# Work required
After finding the line that contains "this 1500×1000 image." in the entries below, retype it and every following line precisely, the last included.

.....

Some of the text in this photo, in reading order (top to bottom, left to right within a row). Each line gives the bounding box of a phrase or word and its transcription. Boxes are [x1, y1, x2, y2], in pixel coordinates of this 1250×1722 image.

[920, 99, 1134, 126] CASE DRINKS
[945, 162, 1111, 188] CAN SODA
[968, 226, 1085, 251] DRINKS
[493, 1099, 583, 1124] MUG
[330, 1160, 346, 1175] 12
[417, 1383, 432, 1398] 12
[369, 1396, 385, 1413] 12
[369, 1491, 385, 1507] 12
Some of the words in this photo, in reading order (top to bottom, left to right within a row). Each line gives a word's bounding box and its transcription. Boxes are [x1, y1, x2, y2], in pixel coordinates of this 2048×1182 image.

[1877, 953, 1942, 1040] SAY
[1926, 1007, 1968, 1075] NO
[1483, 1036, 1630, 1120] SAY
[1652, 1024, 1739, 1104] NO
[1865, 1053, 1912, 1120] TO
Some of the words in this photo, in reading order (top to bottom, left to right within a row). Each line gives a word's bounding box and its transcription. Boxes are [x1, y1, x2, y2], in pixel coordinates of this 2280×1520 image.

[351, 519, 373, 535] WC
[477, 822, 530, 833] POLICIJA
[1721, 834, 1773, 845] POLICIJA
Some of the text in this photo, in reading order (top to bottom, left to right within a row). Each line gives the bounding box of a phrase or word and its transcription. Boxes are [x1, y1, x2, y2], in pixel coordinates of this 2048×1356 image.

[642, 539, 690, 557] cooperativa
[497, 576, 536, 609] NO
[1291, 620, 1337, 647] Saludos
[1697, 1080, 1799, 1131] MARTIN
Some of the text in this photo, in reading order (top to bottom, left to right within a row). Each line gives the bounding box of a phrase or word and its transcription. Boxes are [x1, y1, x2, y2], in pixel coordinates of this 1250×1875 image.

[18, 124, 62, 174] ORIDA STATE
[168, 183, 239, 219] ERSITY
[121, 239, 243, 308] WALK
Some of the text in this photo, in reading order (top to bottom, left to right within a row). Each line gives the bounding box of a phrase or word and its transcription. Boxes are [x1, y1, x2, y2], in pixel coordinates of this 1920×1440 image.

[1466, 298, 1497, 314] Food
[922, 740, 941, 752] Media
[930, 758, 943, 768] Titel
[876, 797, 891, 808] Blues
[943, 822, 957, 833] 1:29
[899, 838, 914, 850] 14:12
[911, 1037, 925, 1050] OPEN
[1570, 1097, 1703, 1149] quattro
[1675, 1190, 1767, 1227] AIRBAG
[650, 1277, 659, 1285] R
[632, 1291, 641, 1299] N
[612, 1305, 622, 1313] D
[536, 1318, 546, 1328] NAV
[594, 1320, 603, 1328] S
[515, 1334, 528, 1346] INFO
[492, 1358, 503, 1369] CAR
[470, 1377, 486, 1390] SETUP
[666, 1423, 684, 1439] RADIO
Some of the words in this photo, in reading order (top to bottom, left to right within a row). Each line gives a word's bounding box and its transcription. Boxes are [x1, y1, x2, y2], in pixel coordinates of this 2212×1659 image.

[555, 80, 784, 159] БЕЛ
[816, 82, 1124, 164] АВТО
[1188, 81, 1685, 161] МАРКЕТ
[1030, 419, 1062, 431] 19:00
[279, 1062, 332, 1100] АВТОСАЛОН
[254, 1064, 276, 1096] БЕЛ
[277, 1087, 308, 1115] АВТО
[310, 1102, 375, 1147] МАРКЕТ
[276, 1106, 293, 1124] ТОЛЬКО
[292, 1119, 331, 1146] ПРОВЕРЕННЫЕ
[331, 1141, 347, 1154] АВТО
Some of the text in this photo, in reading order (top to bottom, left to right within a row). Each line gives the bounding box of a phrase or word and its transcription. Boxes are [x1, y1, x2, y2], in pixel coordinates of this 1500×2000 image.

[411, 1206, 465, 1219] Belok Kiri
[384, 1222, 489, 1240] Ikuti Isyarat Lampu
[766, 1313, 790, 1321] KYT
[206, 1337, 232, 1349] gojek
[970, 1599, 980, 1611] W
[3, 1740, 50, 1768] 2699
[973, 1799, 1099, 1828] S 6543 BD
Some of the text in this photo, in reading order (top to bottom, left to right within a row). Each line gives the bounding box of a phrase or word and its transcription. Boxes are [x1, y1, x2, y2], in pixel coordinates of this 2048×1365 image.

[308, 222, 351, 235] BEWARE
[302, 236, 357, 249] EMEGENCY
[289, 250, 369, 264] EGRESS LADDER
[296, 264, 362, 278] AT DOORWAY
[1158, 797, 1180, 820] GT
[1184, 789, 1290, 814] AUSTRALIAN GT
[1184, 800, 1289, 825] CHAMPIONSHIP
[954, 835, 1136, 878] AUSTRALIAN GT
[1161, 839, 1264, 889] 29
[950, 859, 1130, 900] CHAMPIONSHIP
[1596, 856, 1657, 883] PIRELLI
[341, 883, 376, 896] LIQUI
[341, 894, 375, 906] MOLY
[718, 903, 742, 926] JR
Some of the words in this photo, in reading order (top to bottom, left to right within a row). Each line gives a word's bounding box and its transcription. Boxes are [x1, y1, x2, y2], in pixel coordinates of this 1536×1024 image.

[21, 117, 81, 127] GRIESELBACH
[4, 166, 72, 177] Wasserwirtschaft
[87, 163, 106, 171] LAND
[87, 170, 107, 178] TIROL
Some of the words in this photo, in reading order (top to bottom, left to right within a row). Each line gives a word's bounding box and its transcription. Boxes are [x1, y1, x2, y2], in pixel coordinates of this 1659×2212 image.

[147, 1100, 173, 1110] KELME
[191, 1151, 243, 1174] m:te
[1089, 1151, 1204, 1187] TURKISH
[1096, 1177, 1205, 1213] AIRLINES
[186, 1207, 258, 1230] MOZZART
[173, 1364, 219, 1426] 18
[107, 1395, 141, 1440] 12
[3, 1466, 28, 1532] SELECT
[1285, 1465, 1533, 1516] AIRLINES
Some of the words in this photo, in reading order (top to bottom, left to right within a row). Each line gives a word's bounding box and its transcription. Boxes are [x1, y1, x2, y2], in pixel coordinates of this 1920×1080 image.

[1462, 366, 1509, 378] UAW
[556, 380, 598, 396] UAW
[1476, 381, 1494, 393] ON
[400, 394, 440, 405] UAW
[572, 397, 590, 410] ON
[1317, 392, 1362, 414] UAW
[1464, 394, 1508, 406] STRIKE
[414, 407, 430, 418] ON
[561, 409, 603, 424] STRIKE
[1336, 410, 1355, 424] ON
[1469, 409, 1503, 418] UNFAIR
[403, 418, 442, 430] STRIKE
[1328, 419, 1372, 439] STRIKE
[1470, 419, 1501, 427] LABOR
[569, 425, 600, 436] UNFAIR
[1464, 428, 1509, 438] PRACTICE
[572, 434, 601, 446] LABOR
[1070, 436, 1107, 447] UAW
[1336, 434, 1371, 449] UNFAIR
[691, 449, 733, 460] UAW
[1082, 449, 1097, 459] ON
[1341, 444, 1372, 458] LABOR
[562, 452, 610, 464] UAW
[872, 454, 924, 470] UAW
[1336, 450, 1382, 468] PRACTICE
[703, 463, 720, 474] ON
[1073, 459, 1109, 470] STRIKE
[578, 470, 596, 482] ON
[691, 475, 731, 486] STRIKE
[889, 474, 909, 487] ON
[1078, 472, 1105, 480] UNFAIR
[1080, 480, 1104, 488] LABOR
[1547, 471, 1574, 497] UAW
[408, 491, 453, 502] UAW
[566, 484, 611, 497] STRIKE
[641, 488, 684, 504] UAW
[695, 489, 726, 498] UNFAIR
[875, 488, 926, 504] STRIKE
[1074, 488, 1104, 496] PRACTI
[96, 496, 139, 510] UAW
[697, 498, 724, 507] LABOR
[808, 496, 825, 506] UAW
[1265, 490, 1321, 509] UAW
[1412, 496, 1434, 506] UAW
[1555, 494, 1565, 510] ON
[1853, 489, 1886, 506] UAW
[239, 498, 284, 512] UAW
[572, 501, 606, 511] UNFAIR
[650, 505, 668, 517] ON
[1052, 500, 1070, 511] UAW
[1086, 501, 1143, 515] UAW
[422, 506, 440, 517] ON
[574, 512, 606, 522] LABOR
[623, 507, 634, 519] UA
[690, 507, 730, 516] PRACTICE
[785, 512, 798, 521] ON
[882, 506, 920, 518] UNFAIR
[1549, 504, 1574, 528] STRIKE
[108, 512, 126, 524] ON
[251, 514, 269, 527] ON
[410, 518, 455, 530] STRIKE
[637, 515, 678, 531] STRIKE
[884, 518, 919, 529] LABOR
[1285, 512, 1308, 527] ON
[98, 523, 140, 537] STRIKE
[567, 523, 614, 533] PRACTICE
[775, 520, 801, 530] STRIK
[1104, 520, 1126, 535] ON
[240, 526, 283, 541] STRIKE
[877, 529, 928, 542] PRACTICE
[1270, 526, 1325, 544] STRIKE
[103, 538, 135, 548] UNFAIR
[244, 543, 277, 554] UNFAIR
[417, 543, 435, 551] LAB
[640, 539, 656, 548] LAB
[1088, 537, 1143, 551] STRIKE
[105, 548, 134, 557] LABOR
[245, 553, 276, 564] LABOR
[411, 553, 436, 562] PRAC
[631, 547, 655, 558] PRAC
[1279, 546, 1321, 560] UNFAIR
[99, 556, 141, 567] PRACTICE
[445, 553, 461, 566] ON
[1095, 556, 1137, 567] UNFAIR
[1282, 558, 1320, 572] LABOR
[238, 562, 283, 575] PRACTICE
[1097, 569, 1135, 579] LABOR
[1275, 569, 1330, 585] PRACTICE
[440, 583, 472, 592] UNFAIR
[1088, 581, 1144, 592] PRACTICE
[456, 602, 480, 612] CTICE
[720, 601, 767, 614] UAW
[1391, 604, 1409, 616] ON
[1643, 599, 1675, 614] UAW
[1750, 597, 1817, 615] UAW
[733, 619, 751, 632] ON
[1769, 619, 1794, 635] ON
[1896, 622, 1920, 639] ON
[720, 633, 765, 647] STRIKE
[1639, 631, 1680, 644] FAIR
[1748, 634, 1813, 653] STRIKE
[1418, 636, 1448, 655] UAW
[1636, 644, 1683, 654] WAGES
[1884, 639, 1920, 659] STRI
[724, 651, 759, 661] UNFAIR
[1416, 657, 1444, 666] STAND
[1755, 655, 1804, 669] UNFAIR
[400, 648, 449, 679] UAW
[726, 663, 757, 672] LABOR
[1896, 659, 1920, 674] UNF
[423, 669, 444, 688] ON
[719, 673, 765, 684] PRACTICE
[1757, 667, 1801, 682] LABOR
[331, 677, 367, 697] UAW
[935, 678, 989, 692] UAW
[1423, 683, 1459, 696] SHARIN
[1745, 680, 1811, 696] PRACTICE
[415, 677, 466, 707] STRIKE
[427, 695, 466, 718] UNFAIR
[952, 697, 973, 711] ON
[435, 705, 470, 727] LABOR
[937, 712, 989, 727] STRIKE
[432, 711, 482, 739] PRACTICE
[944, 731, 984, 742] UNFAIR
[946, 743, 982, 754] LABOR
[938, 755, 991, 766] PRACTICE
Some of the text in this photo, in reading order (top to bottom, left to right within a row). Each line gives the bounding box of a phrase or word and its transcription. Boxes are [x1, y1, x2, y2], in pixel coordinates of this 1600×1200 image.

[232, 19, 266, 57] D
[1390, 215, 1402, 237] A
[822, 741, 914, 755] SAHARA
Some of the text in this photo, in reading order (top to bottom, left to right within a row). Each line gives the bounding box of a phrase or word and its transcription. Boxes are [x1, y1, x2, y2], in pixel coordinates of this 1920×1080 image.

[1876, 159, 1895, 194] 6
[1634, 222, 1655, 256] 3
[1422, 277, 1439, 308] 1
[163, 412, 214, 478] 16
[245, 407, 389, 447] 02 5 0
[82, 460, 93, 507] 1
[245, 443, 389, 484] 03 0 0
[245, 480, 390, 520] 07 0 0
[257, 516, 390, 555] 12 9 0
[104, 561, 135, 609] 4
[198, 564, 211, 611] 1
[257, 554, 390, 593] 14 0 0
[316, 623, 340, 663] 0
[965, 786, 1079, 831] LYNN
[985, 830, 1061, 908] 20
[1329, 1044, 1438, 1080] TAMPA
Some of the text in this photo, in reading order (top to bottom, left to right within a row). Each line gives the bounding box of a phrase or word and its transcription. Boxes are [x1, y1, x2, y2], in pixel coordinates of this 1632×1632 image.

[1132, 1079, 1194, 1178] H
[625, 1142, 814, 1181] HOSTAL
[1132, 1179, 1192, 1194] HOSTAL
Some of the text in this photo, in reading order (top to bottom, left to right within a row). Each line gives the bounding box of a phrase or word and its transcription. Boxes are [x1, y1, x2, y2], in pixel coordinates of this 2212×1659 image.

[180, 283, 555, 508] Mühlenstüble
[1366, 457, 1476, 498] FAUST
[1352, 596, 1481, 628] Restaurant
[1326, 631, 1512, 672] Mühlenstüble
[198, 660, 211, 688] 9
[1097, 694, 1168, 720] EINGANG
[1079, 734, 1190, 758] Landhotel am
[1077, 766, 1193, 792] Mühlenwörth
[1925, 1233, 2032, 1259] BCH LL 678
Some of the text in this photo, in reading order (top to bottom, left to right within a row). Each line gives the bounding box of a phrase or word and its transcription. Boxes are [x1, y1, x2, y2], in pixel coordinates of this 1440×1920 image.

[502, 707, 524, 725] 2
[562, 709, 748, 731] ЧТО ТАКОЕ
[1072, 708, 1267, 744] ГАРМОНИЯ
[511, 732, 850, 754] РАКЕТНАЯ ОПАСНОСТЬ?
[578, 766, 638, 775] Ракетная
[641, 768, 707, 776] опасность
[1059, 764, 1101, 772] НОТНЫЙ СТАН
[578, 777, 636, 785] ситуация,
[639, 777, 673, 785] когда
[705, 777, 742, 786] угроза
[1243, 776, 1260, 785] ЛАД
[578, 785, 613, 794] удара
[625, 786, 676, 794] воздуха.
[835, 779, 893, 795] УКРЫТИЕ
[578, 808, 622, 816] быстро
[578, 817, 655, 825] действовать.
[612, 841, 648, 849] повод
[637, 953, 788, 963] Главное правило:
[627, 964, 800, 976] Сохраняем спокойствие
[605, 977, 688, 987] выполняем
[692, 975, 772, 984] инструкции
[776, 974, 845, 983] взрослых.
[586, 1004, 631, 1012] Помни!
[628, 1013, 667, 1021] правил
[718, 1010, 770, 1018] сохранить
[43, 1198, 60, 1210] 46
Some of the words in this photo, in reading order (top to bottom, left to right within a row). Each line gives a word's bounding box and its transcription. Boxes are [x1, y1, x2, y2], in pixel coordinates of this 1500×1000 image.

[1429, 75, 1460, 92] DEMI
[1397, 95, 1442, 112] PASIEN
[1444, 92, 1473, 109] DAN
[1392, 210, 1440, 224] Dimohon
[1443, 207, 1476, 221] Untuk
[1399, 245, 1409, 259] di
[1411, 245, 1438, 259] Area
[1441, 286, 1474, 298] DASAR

.....

# Solution for this task
Some of the words in this photo, in reading order (top to bottom, left to right within a row). Each line gives a word's bounding box and its transcription. Boxes are [x1, y1, x2, y2], in pixel coordinates of this 1500×1000 image.

[1429, 75, 1460, 92] DEMI
[1397, 95, 1442, 112] PASIEN
[1444, 92, 1473, 109] DAN
[1392, 210, 1440, 224] Dimohon
[1443, 207, 1476, 221] Untuk
[1399, 245, 1409, 259] di
[1411, 245, 1438, 259] Area
[1441, 286, 1474, 298] DASAR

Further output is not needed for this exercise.